Spirited Children

My website is primarily about energy healing and Reiki. However, I would also like to tell people more about spirited, indigo and crystal children. I feel I need to give those children as much support as I can and educate parents, teachers and in general adults about those wonderful children, who don’t always find it easy to fit into our world.

“The word that distinguishes spirited children from other children is more. They are normal children who are more intense, persistent, sensitive, perceptive, and uncomfortable with change than other children. All children possess these characteristics, but spirited children possess them with a depth and range not available to other children.” Mary Sheedy Kurcinka, Raising your spirited child

You might wonder why I am writing about spirited children. Well, I believe there is a connection between what Mary Sheedy Kurcinka terms as “spirited children” and the newer generation of “indigo children”. Reading Mary’s book felt like reading a book written about my son.

I am blessed with a spirited child. I admit the first couple of years were not easy. It was a rather challenging time and I was always wondering why my child was different –  why he was more of everything compared to my friends’ kids.

It started from day one in hospital. Had I known then, what I know now and had I been able to use Reiki then – the first couple of years would have been much easier.

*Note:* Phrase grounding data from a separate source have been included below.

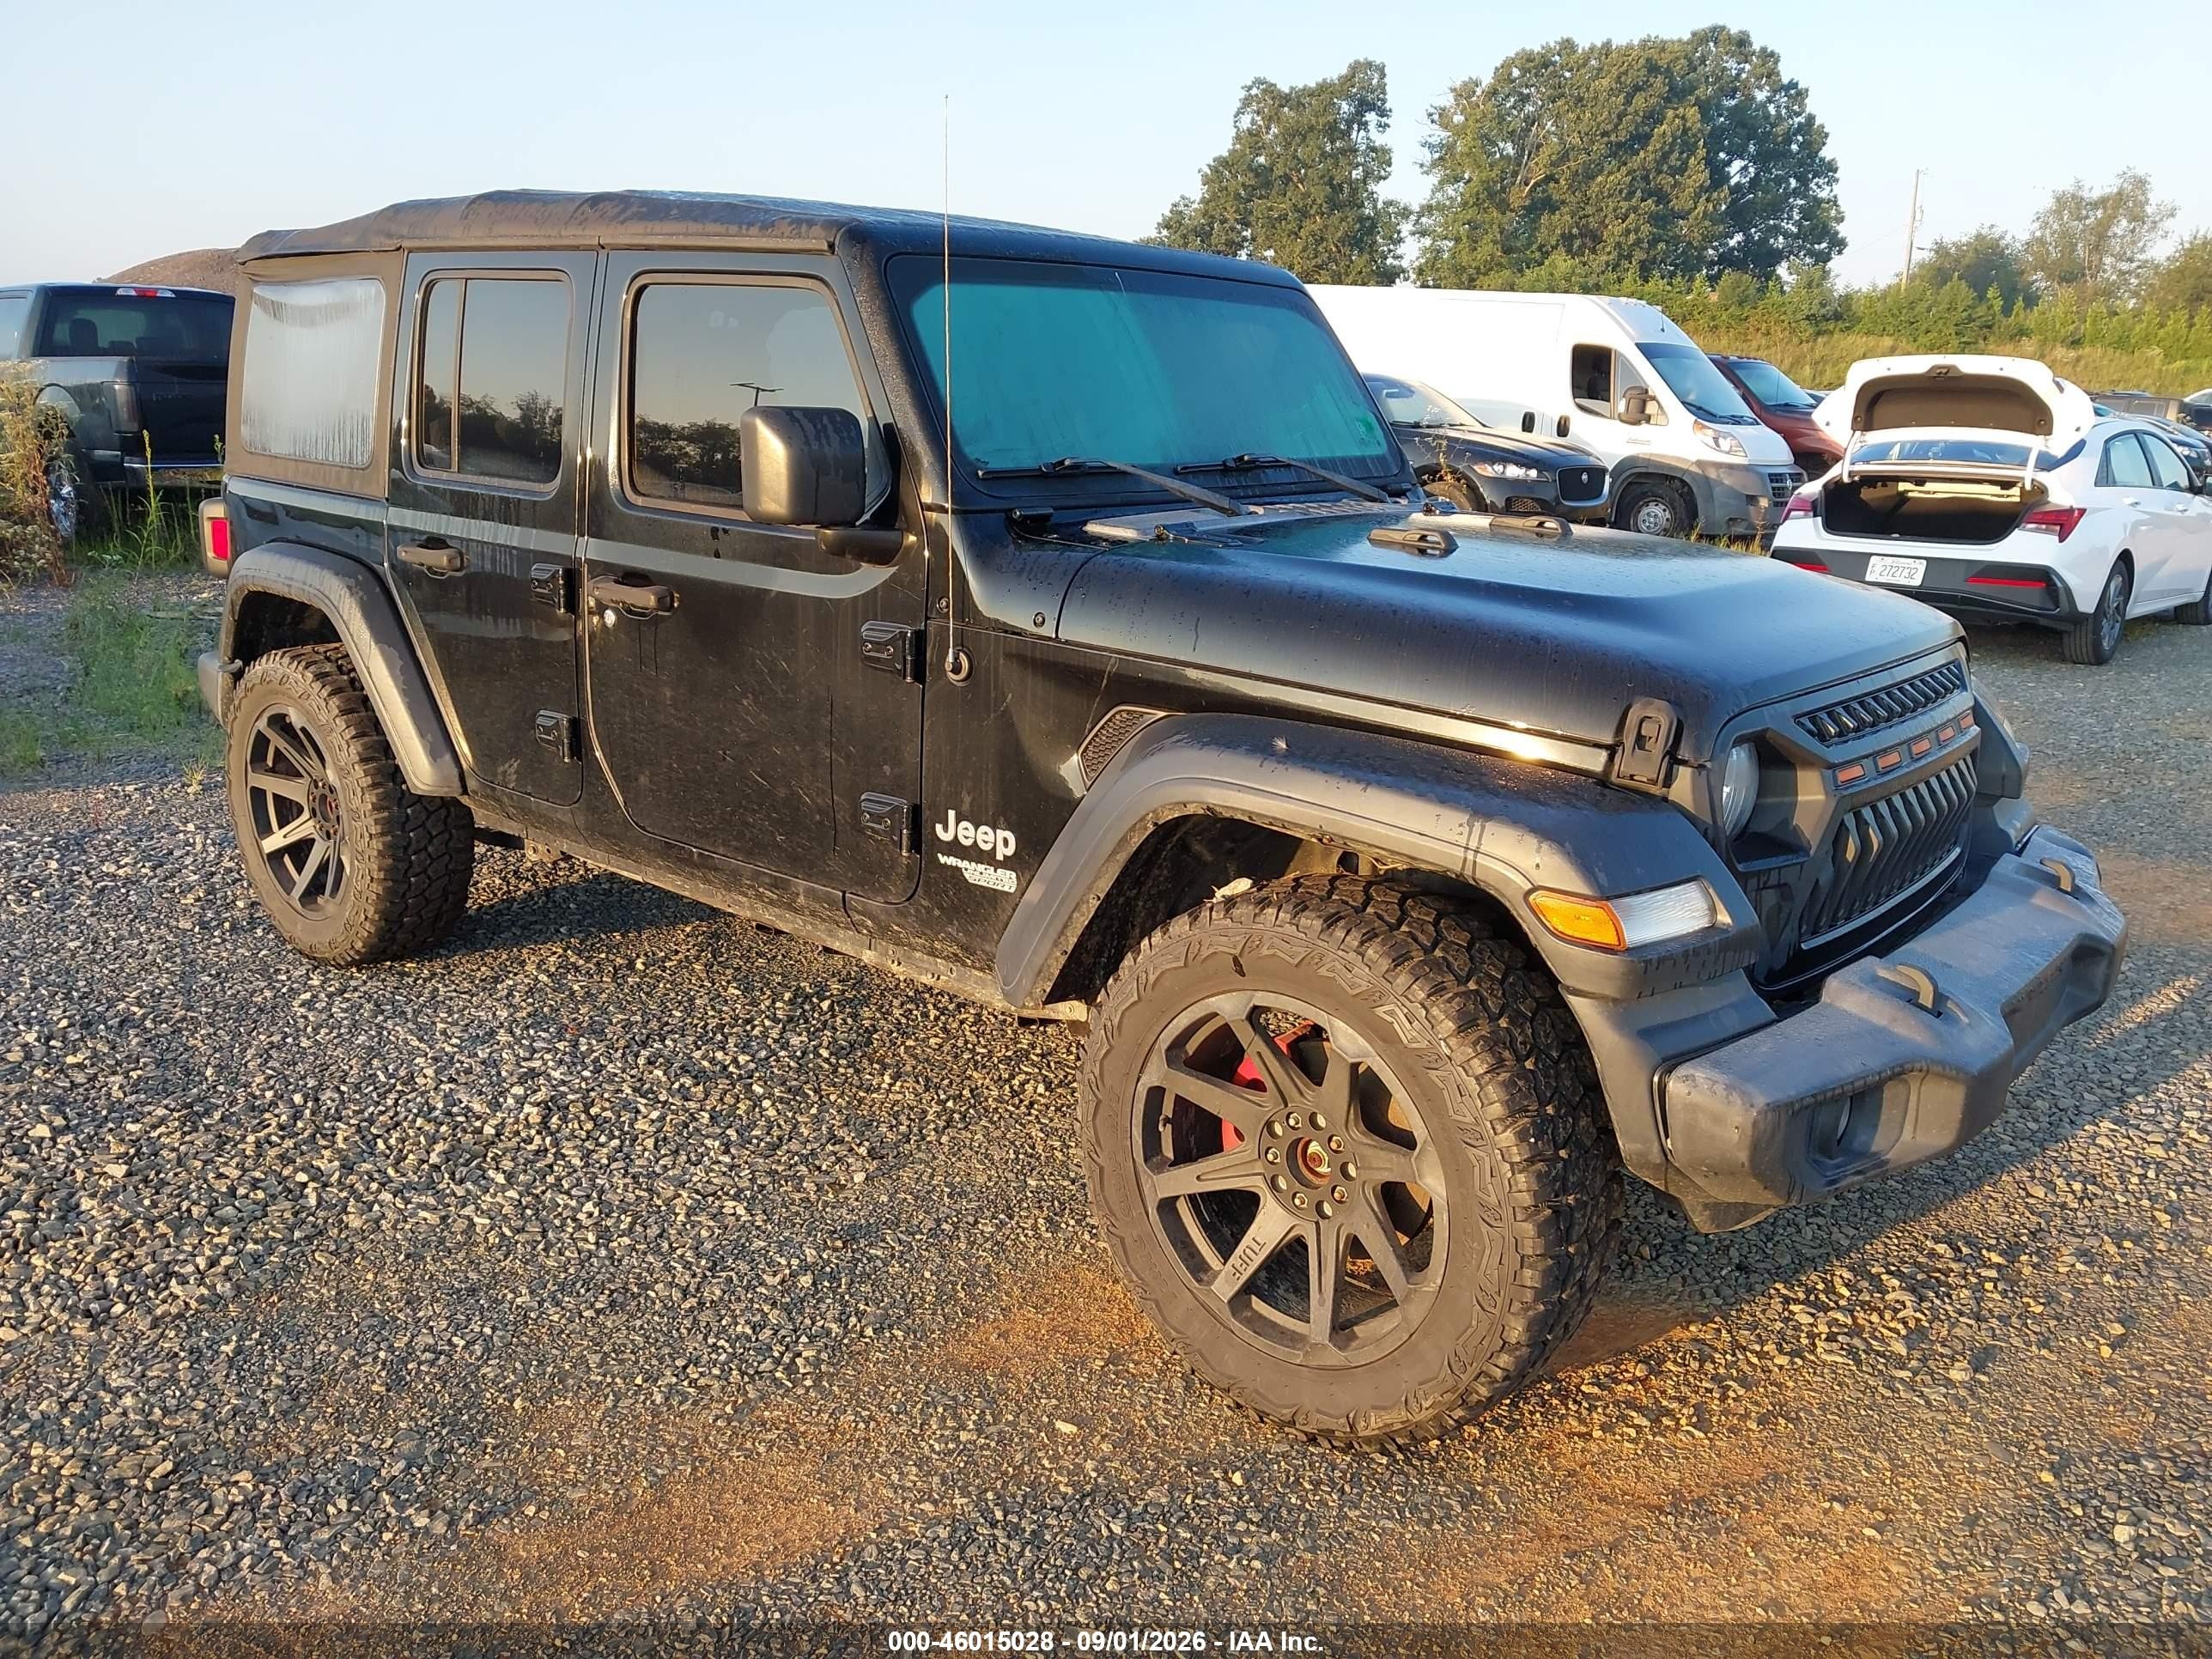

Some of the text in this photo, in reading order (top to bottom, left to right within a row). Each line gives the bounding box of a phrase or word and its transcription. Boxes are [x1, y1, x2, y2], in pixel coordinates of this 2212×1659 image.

[1879, 564, 1918, 580] 272732
[935, 809, 1017, 861] Jeep
[937, 853, 1017, 880] WRANGLER
[968, 876, 1016, 890] SPORT
[1231, 1237, 1267, 1281] TUFF
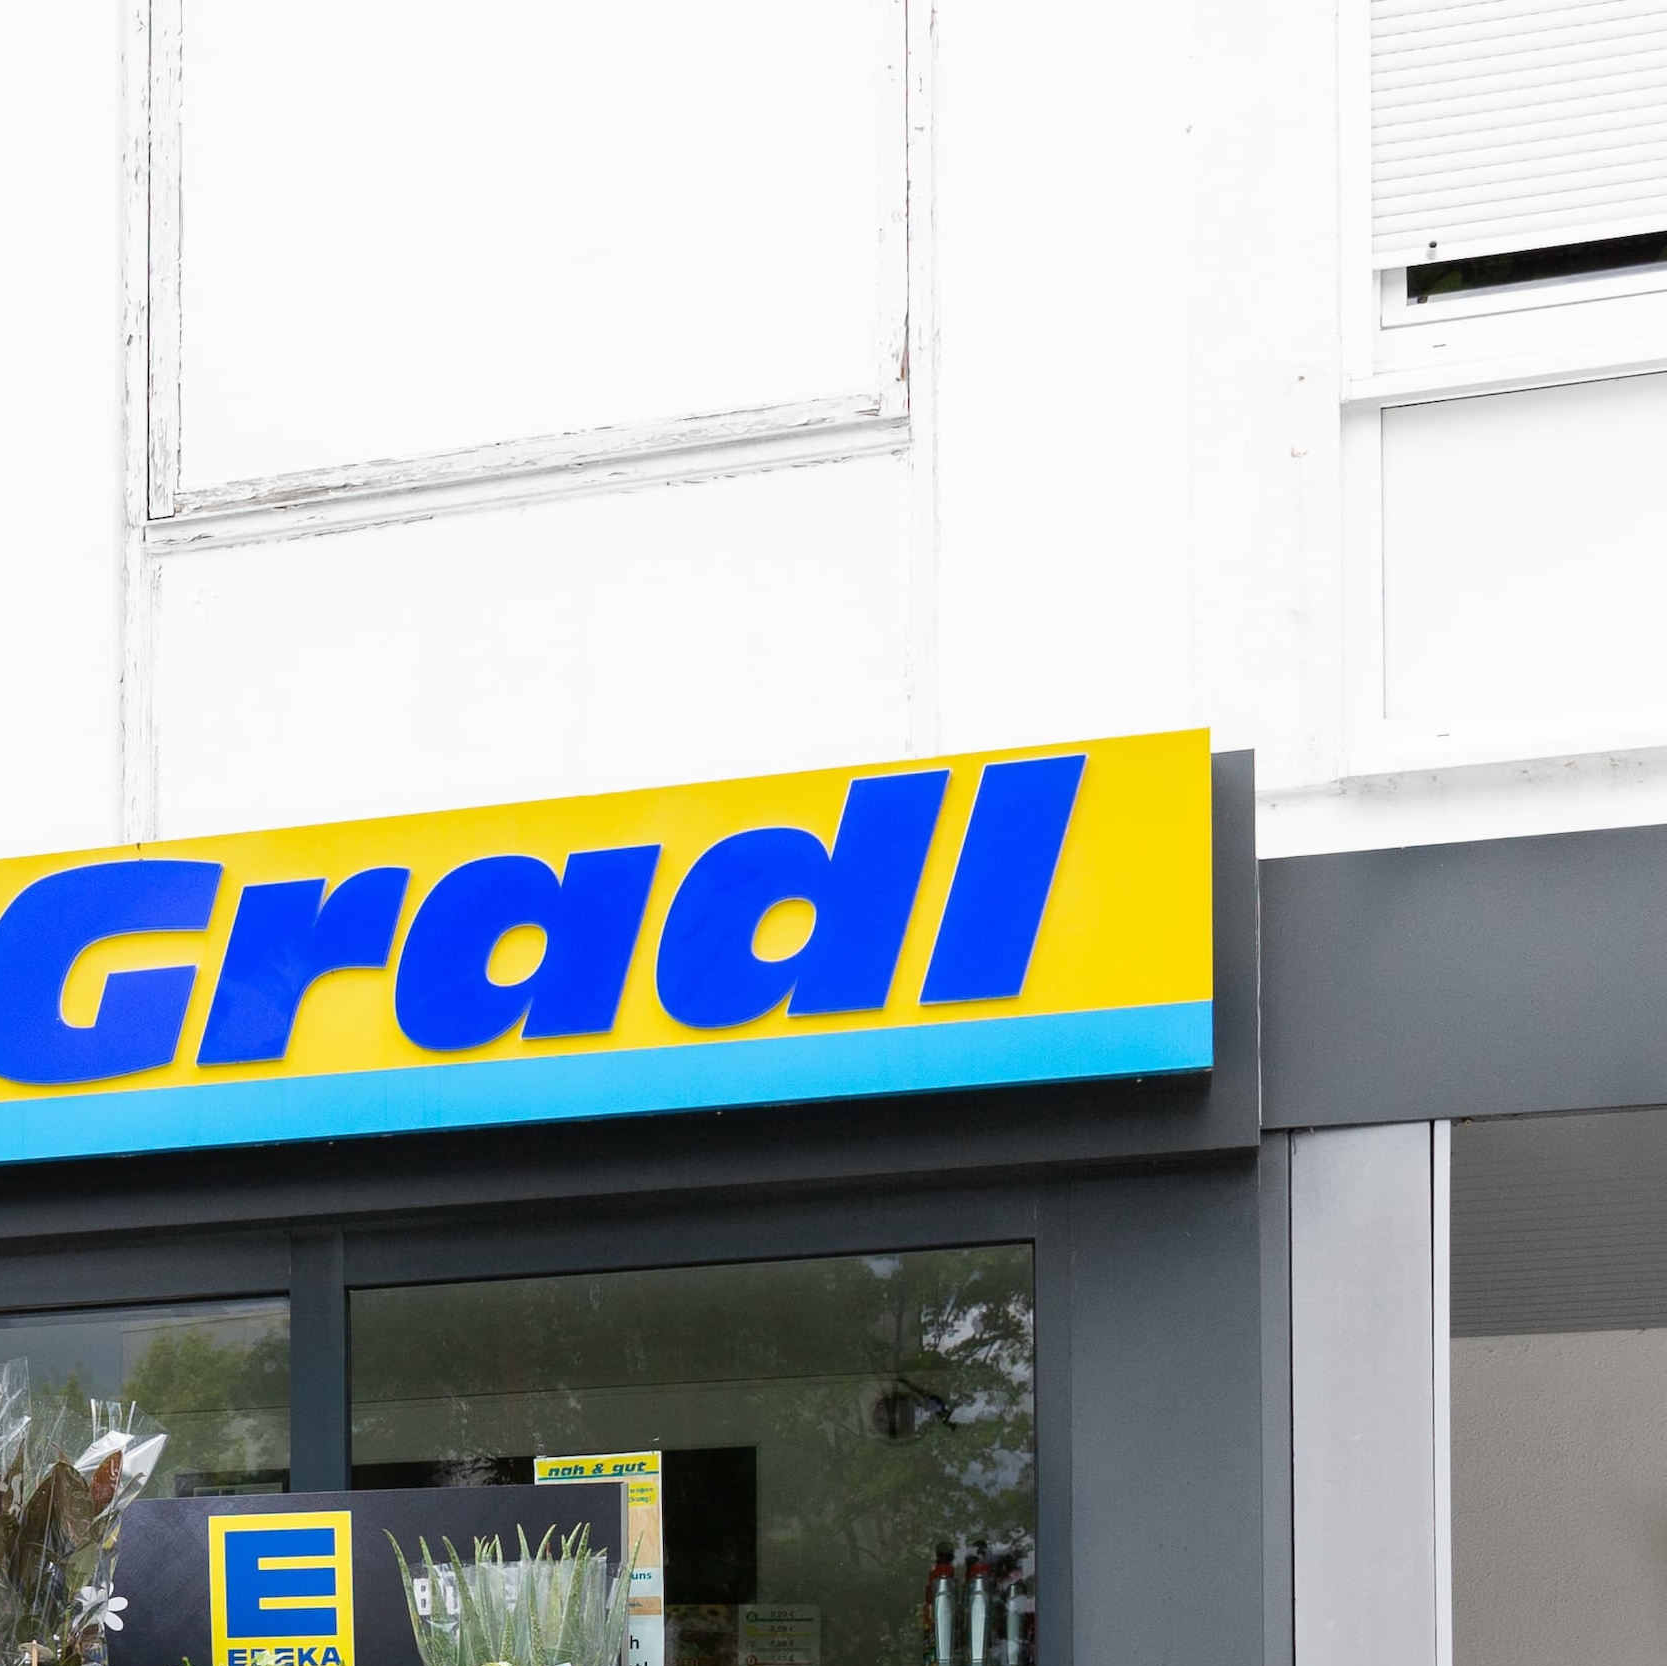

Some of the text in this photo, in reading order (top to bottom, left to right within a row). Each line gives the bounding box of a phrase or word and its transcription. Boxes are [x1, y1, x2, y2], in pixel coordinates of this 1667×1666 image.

[548, 1460, 647, 1477] nah & gut

I came across the term “spirited child” for the first time in Tracy Hogg’s book “the baby whisperer”. There was no doubt it had helped to read that book. One of the main things I learnt from the baby whisperer was that spirited children get very easily overstimulated and they need routine even more than other babies (and she does not believe in controlled crying!). Even when my son was 2 or 3 weeks old he was refusing or struggling to fall asleep. He just wouldn’t close his eyes. He always wanted to know what was going on around him, always worried he’d miss something. That hasn’t really changed and he is almost 6 now. If you miss that critical point of when to let them nap and if they are overstimulated you are in for a really tough time. People (even family) often didn’t understand why we were so strict with my son’s routine – and that’s something that is very important for a spirited child . Well, our son just was not that easy going child that would fall asleep anywhere. He needed his routine and he needed his familiar environment – or we’d have a screaming baby for an hour. I might add that from day one I thought he’d be an opera singer as his lungs were so strong and his screams were so loud (still are!). Even though we stuck to his routine during the day he would need at least  an hour in the evening to unwind before he could fall asleep. That hasn’t really changed. He still needs quite a long time in the evening to unwind before he can fall asleep. His brain is constantly working and processing.

There was no point on going on holidays  - he would sleep even less as it was not his familiar environment.

I always worried about him starting nursery/kindergarten. I always thought the teachers would have their hand’s full. His first teacher was fantastic and my son settled in rather quickly and was happy.  Things didn’t go so well with his second teacher. That’s when I came across Mary Sheedy Kurcinka’s book: Raising your spirited child. At the time it was a life saver. The new teacher was not experienced and had to deal with too many kids in a rather small class room. For my son the new environment was just too much. When we moved him to a new kindergarten he was a completely different child again. Since then we have had no issues. He has developed into a rather well-mannered, inquisitive, caring, bright and wonderful boy. That does not mean that he does not challenge his parents quite regularly :) but that’s part of life and his temperament!

What is particularly interesting in Mary’s book is that she asks parents to describe their kids. Often a lot of negative words pop up first. What she then asks parents to do is to try and use positive words to describe the child’s strength. For example:

  • Old negative labels                               New exciting labels
  • Unpredictable                                      flexible, a creative problem solver
  • Nosy                                                        curious
  • Inflexible                                                traditional
  • loud                                                         energetic and zestful
  • demanding                                             holds high standards
  • and many more

That comparison was a real eye-opener. Once I was able to see the true potential that my son had I found it much easier to deal with the difficult times.

Through Mary’s book I was also able to understand my son’s  behaviour better, for example: Why he got upset about things that we didn’t consider a big deal. Well, for him it was a big deal. He had expectations and if suddenly and unexpectedly those expectations weren’t fulfilled than he had a major meltdown.

Mary Sheedy Kurcinka also gives the opportunity in the book to find out into which category the parent falls.  It came as a shock to me that I fell into the category “spirited”. My husband acknowledged that my son and I had a lot in common. I had never seen it before. All of a sudden I could relate even more to my son’s temperament. I now often say: he is my mirror. Because he is so sensitive he immediately knows when I am out of balance.